Well, this weekend--and I hasten to point out, at K's insistence--we bit the bullet and ordered a new Mac. We had told ourselves that we wouldn't until our savings account hit
[undisclosed] dollars. Turns out we missed that goal by about eighty bucks. Ah well. K is a federal employee, which earned us a small discount, so we decided to splurge on the 20-inch iMac with a 2.33 GHz Core 2 Duo (standard: 2.16 GHz) and 256MB on the ATI graphics card (standard: 128). We stuck with 1GB of RAM since I can add a chip on my own if need be, and we also stuck with a 250 GB hard drive because... well, I don't have a good reason for that. I remember hearing the advice "Always get twice what you think you'll need" back when 20 MB was considered a HUGE hard drive. I've never managed to follow it, though.
We're moving on from a 17-inch iMac G4, 800MHz, with 1 MB of RAM and an NVIDIA GeForce 4 MX (32 MB), so needless to say, this will be a step up. It was long past time, to be honest. The power button broke off last year, so we have to turn it on by touching the bare contact in the back of the machine (we have it scheduled to turn itself on in the mornings), and the (admittedly SuperSlow) SuperDrive no longer writes properly, and reads only spottily. And in the past few weeks, the USB bus has been acting up... clearly this cookie won't be fetching a high price on eBay. (We may, actually, be giving it to D; we haven't decided yet.)
Meanwhile, I won't be putting my PowerBook G4 out to pasture just yet. ProTools isn't yet available as a Universal Binary, and I haven't upgraded Final Cut Express or Soundtrack yet. I'm thinking next spring, when Leopard comes out, maybe. But I cannot WAIT to see how fast Animation:Master runs.
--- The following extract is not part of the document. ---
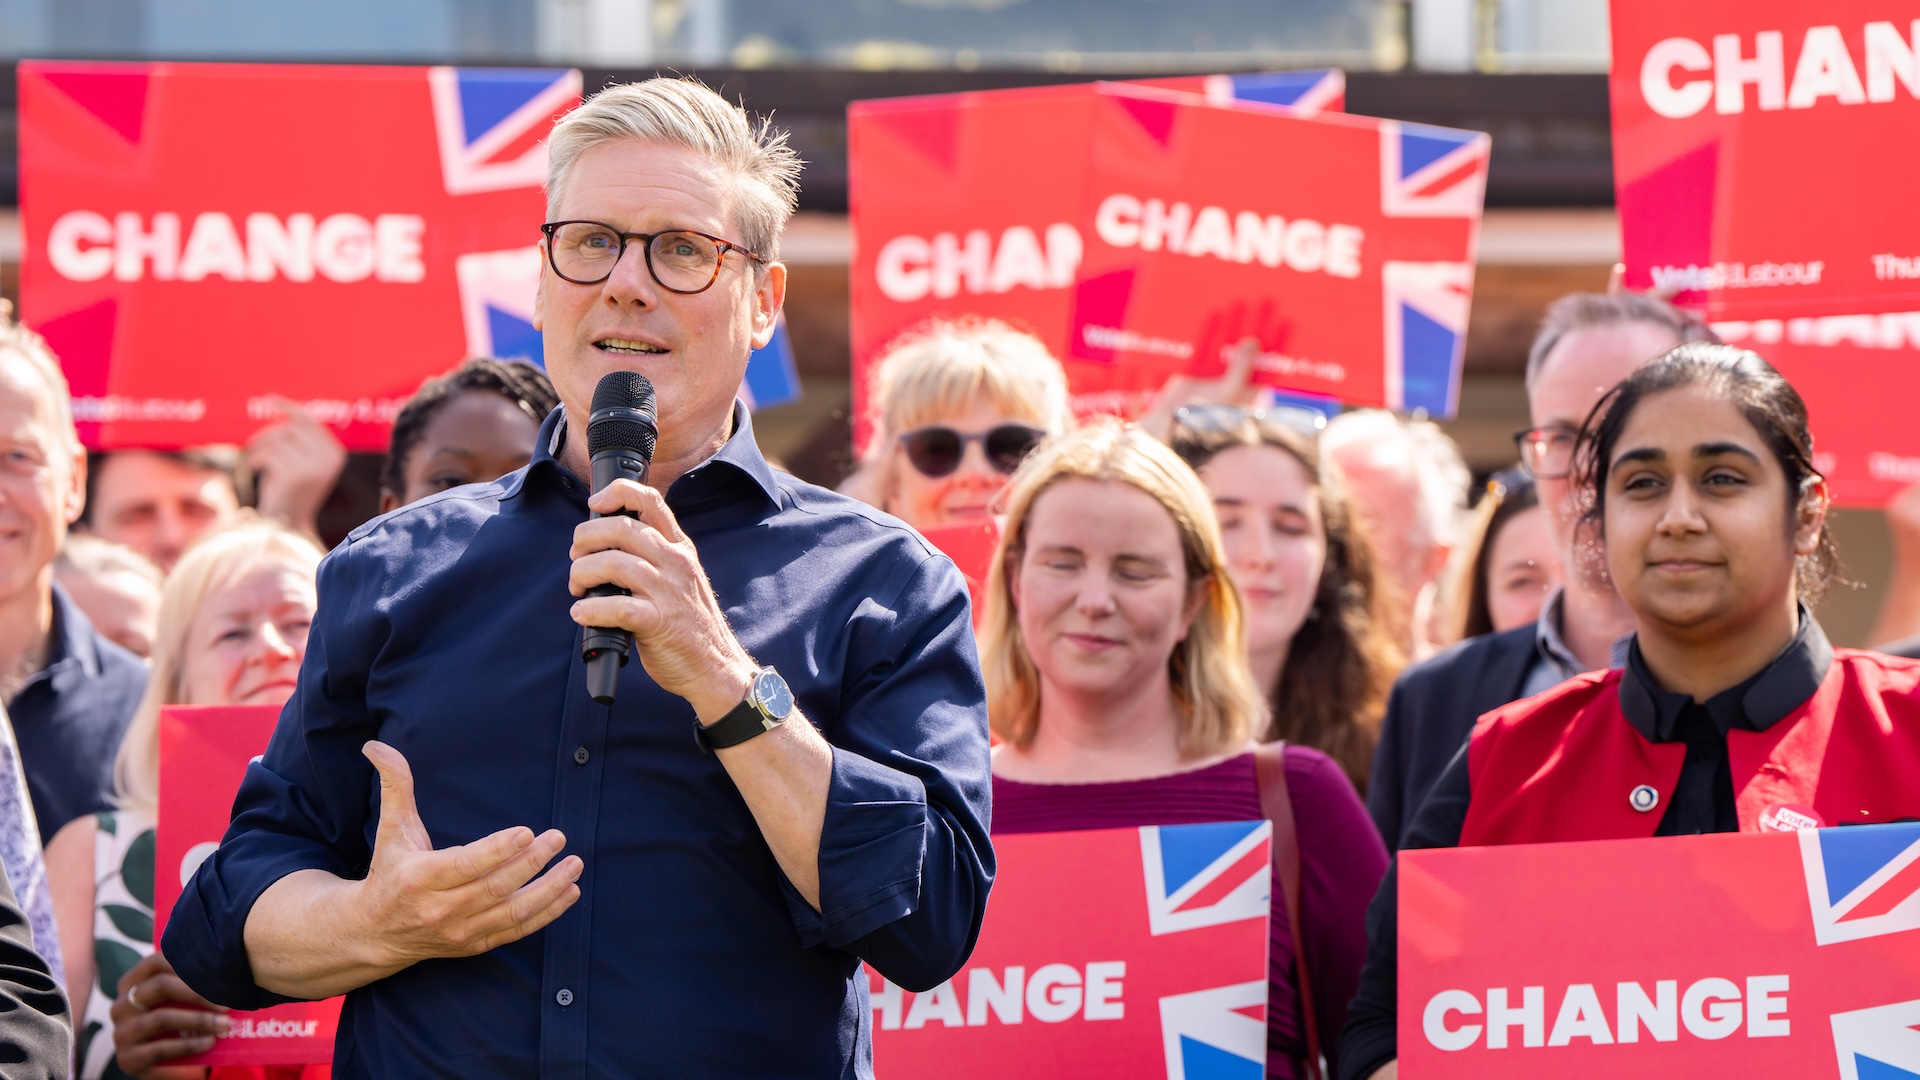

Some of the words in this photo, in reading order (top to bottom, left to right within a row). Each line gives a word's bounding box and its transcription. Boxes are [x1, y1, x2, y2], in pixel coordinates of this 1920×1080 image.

And for me, the big question becomes: do I partition the hard drive so that I can run Linux as well? You see, the GIMP doesn't support pressure-sensitive drawing tablets under Mac OS X, but it does under Windows or x86 Linux. And all I have is a Mac OS 9 version of Photoshop, so that's not an option (Classic doesn't exist under Intel). I sure as shootin' ain't gonna buy Windows, but Debian Linux is very attractive...
So now, the waiting (read: obsessive tracking) game.